Es un viernes de otoño, al noroeste de México, muy cerca del desierto. Durante el día este lugar huele a polvo. Por la tarde, después de meses de espera, cae una lluvia finita, como si la estuvieran pasando por un cernidor de harina.

En esta época del año viene un faquir al pueblo. Toma la calle Independencia y se refugia en el único hotel del lugar. Es un establecimiento de dos estrellas, una de ellas siempre está titilando. Hoy, lo han visto llegar.

Mientras el faquir descansa, sus dos ayudantes trabajan abriendo el foso que han dejado atrás el año pasado. En cuanto lo logran, acercan al lugar un cristal, parecido a una ventana, lo dejan recargado sobre el tronco de un árbol. Después colocan una escalera para descender al hoyo. Se les oye trajinar allí abajo, mientras limpian el lugar acompañados por una radio que entona rancheras a todo volumen. Cuando han terminado se van a comer, y dejan oreando el foso que parece una boca abierta.

Al regresar ponen el cristal a modo de tapa del agujero. Junto a él una silla y, la alcancía en la que el público va a poner los dos pesos que costará asomarse para ver al faquir. Los niños podrán hacerlo por la mitad de precio. Uno de los ayudantes medirá el tiempo de observación de cada cliente. Sesenta segundos para ver a ese hombre dentro del hoyo, acompañado tan solo de una manta y un galón de agua.

Olga llega a la habitación del faquir. Se conocieron el año pasado, cuando ella tocó a su puerta y se quedó ahí toda la noche.

En cuanto la ve entrar, él corre a besarla. Ella le sonríe. Después abraza sus huesos y, la piel deshidratada que lo cubre con holgura. Se aman, se apapachan, se recuerdan.

Mientras comen en la habitación, él le cuenta a Olga las historias de ese año, en el que se han llamado casi a diario por teléfono.

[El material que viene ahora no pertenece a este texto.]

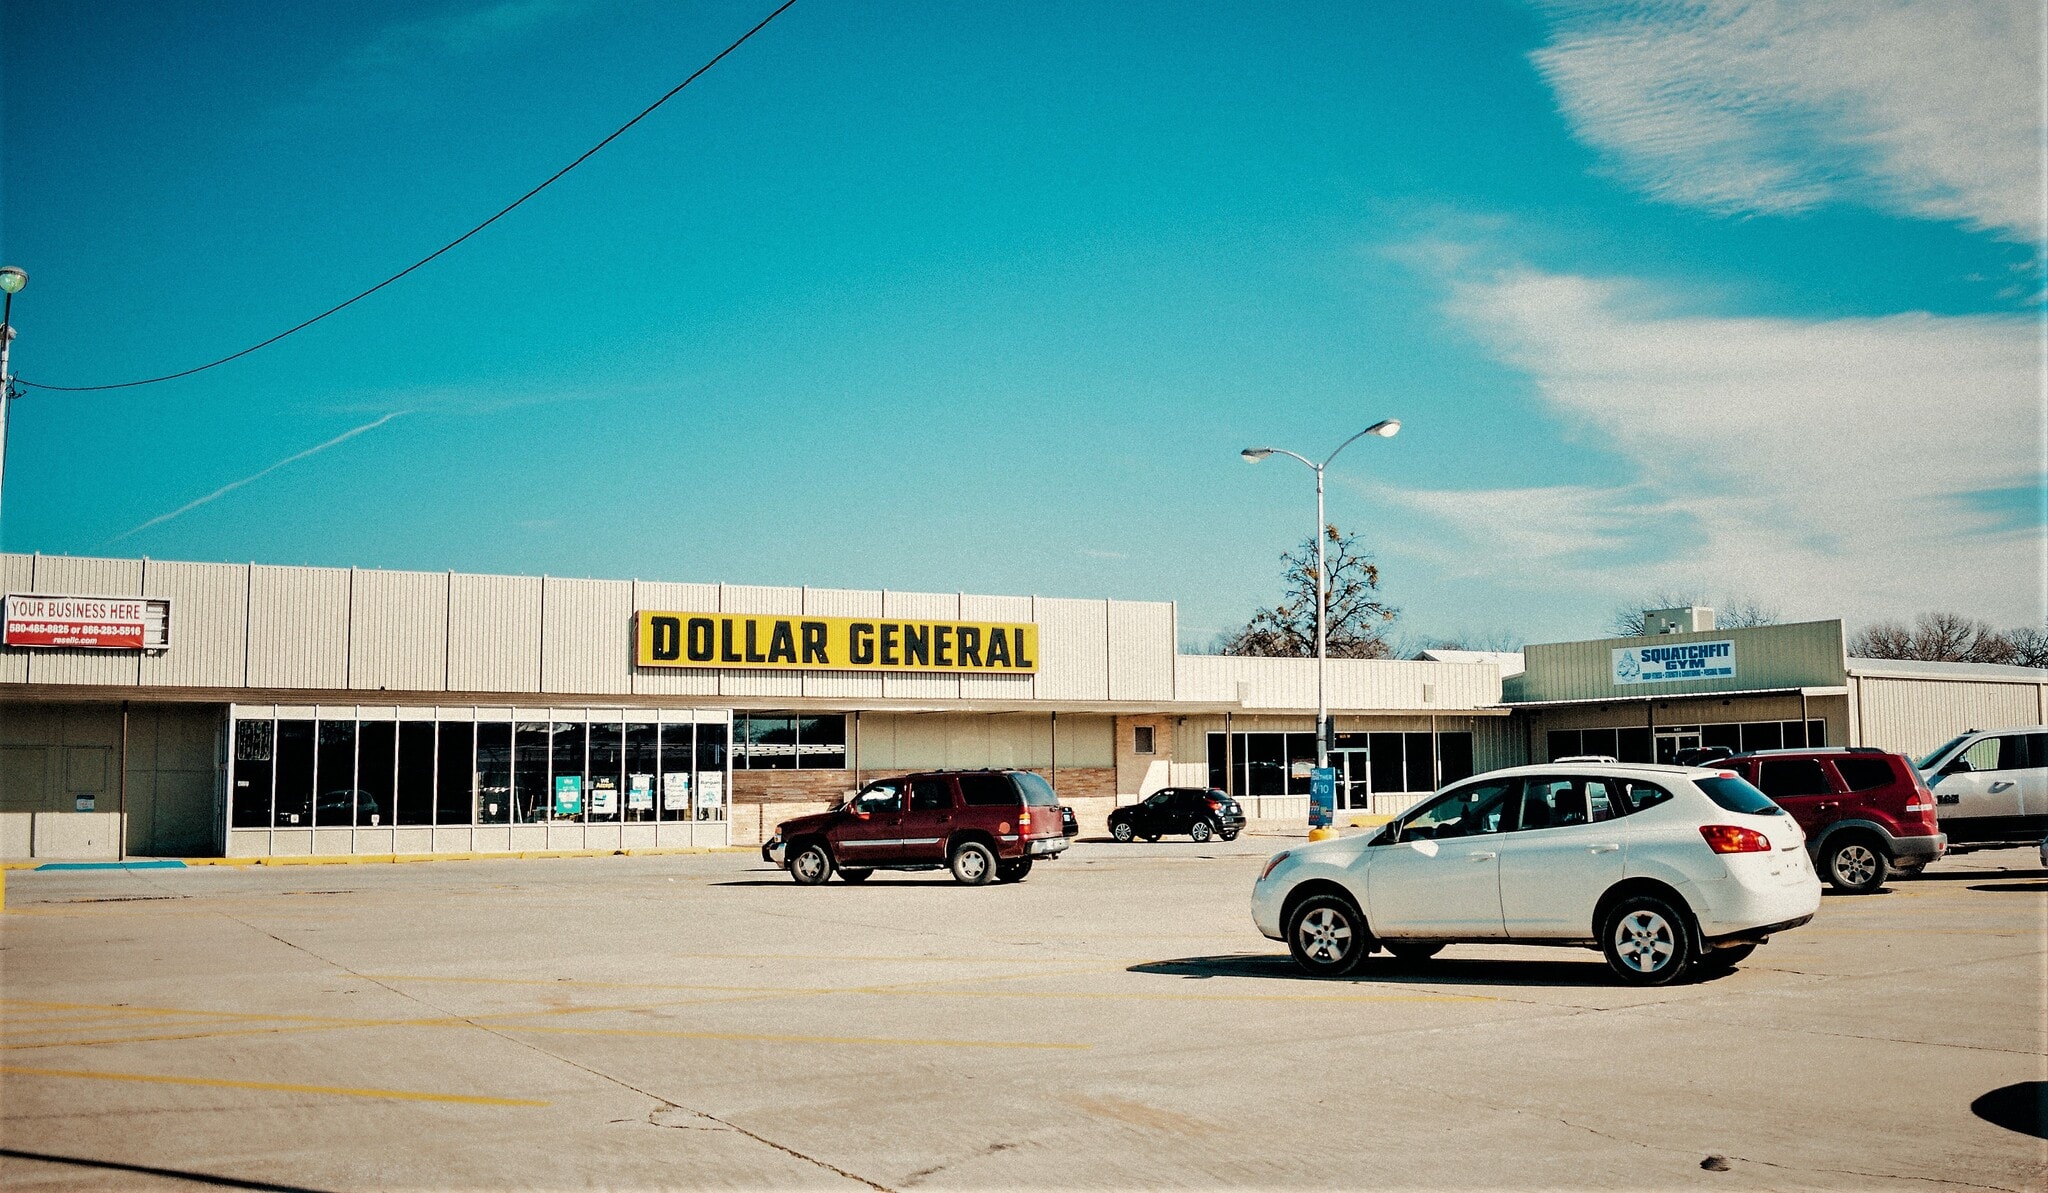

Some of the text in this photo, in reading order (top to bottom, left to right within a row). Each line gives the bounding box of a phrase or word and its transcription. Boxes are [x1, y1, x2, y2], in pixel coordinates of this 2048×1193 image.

[12, 601, 140, 620] YOUR BUSINESS HERE
[70, 626, 81, 635] or
[651, 616, 1033, 668] DOLLAR GENERAL
[1640, 643, 1731, 664] SQUATCHFIT
[1665, 658, 1706, 670] GYM

El faquir no le habla de otros hoteles, ni de otros besos. Fueron solamente una forma de llegar a este momento, en que ella lo escucha con los ojos muy abiertos y, con el cuerpo cubierto solamente por una sábana arrancada de la cama.

En el pueblo, los ayudantes ya han puesto en marcha la promoción: “Virgilio, el gran faquir de América está en el pueblo. Se enterrará el próximo domingo por tiempo indefinido en la calle Libertad, junto a la frutería Anita. Los esperamos después de misa. No se lo pierdan”. Él escucha a lo lejos su nombre. Sabe que esta vez no quiere enterrarse, ni abandonar la ternura de Olga. Desea una vida normal. Encontrar otro empleo, su padre fue cerrajero y, algo recuerda del oficio. Él sigue su sueño mientras duermen acurrucados.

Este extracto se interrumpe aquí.